Everyday world practice regularly shows us that human life is an incredibly fragile phenomenon that can be damaged by external or internal factors. It is enough to look at the human body in detail to understand that, although it is a rather complicated technical mechanism it has too many nuances that can lead to human suffering. This includes the imperfection of the joint connection of bones, which, because of their fragility, can lead to severe fractures, and the age or hereditary deterioration of vision, and the limited physical capacity of human beings. All this leads to the search for alternative solutions to maintain the patient’s normal functioning, which is the primary goal of biomechatronic science.
It is worth noting that modern medicine is the integration of different scientific directions, and consequently, even the unique problems of patients with health can find a solution at the intersection of several theoretical and applied branches. Biomechatronics is an excellent example of how knowledge in fundamental medicine, engineering, and biophysics is used to help people with physical injuries. (Awrejcewicz et al., 2016). Since the clinical practice becomes more accessible to the general public over time, biomechatronics can help to create the conditions for functional activity in people with limb impairments, psychomotor disabilities, and poor eyesight. This becomes especially important for people who have entirely lost body parts due to war, traffic accidents, or other disasters.
Knowing that a person who has lost all their limbs as a result of an accident will one day be able to walk and write again has become a decisive factor for me in why I want to study biomechatronics. In other words, I am sure that our world does not always turn out to be fair, and as a consequence, people become victims of disasters or diseases. There is no justice in the fact that genetic and infectious diseases often cause a person to have their limbs amputated or lose eyesight for the rest of their life. Further development of biomechatronics research is needed to help such people to feel healthy and functional again.
Looking at modern technological solutions in the field of prosthetics, it is essential to recognize that humankind has already significantly developed the skills to create artificial body parts. With the help of bioprostheses, people who have lost their hands can carry objects, eat on their own, or write texts. Moreover, the most innovative products allow patients to feel the morphology of surfaces and temperature of objects, which is a key factor in creating the most realistic sensations. However, these technologies are still conceptual and available only to a narrow category of clients. This fact justifies my choice of biomechatronics: I plan to study this area as deeply as possible to improve the available technologies.
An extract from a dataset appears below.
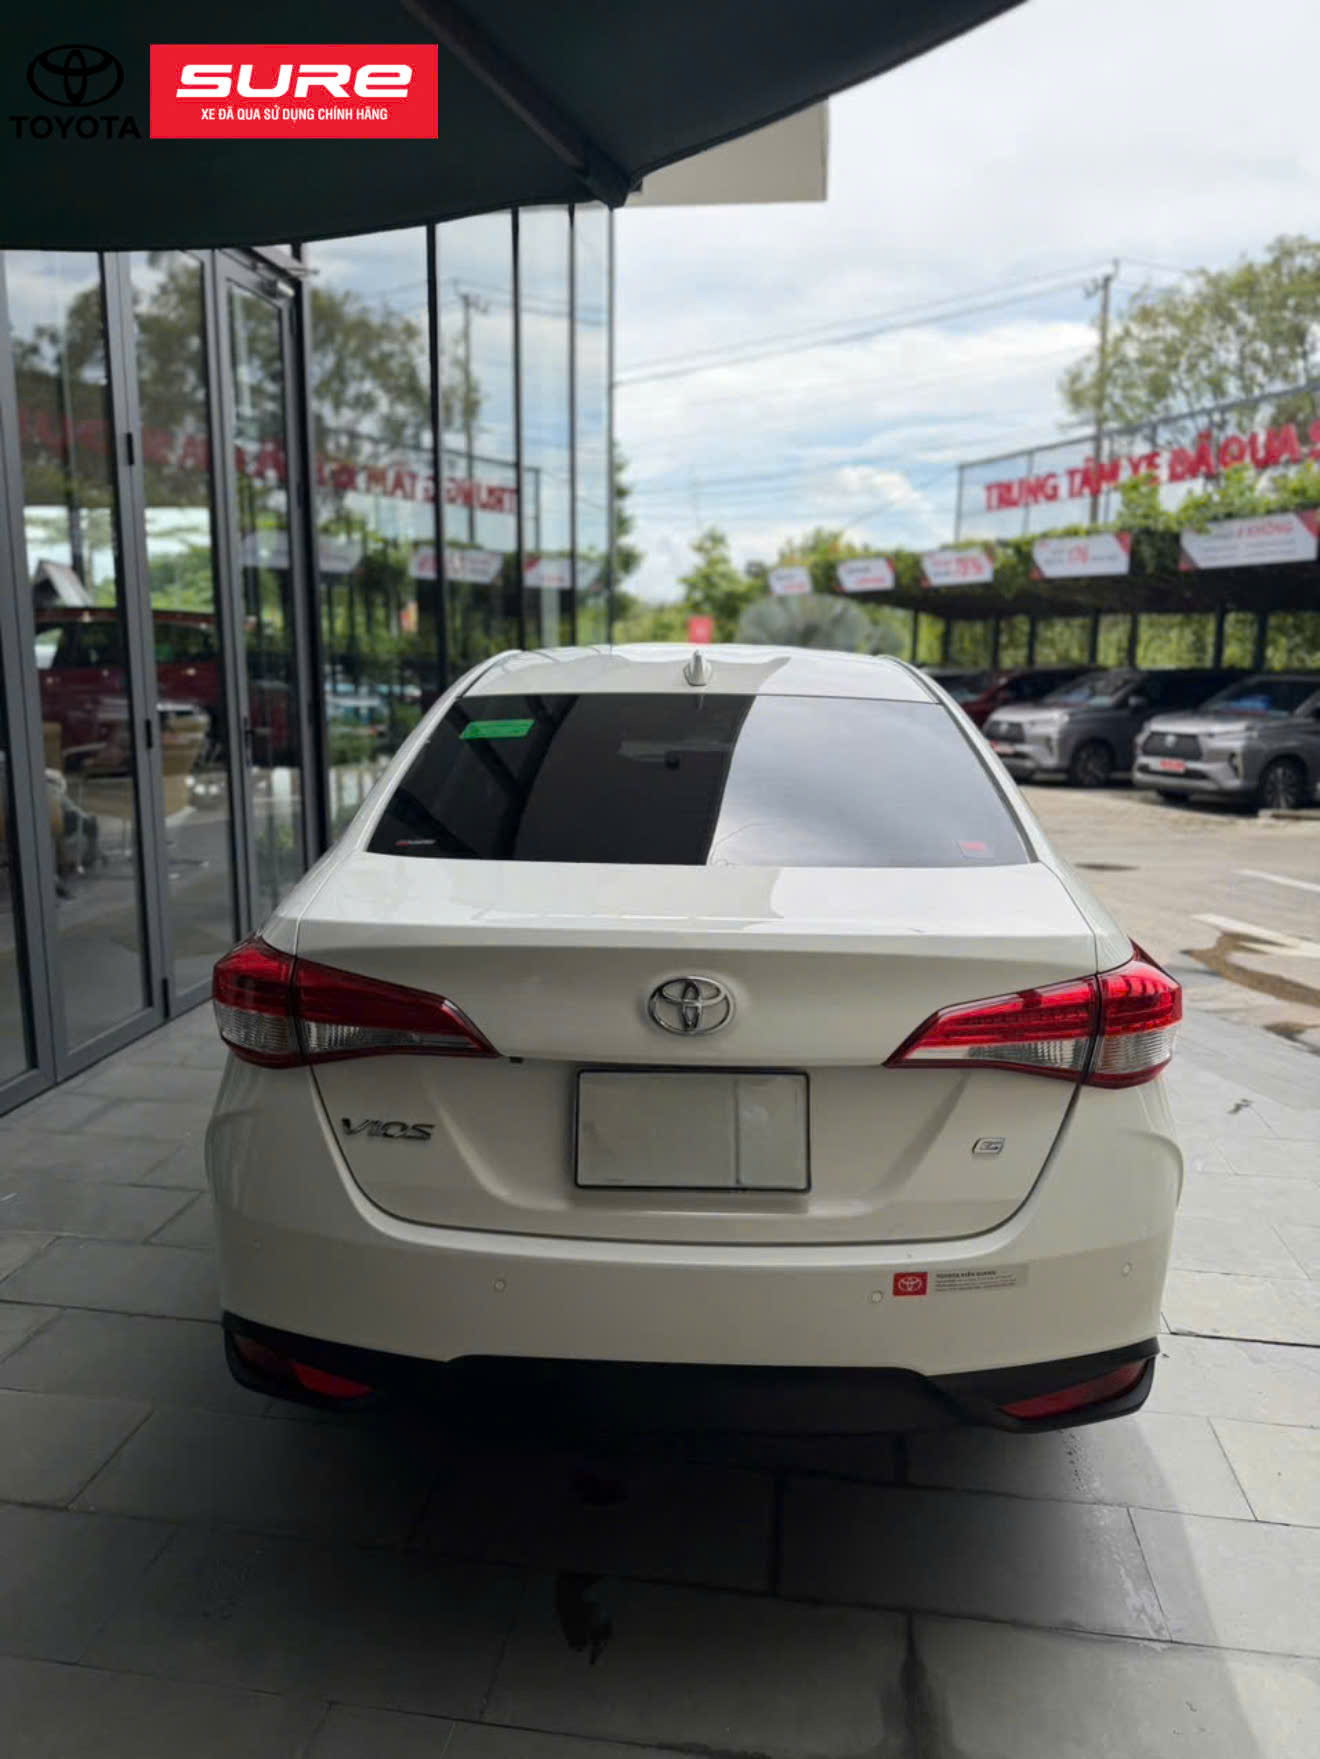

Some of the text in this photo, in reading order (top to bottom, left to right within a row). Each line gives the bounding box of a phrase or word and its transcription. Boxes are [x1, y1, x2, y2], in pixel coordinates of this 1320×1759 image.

[985, 471, 1059, 512] TRUNG
[1218, 422, 1300, 471] QUA
[341, 1118, 435, 1140] VIOS
Despite the apparent success, this is a rather young science, which still knows little about universal ways of contact of electronic and mechanical elements with living structures of a patient, mechanisms of control of electronics using conscious activity, and full return of eyesight to absolutely blind people. Finally, biomechatronics has many applied tasks, such as creating the construction for the confident walking of a wheelchair user, developing fully functional artificial internal organs, and integrating human consciousness and program code (Bradley et al., 2020). In general, these are issues that biomechatronics will have to address in the coming decades, I want to be a direct participant in discoveries that will improve the quality of life for people with physical disabilities.
References
Awrejcewicz, J., Kaliński, K. J., Szewczyk, R., & Kaliczyńska, M. (Eds.). (2016). Mechatronics: Ideas, challenges, solutions and applications. Springer.
Bradley, D., Russell, D., Hehenberger, P., Azorin-Lopez, J., Watt, S., & Milne, C. (2020). From mechatronics to the cloud. In Yan, X.T., Bradley, D., Russell, D., & Moore, P. (Eds.), Reinventing Mechatronics (pp. 17-33). Springer.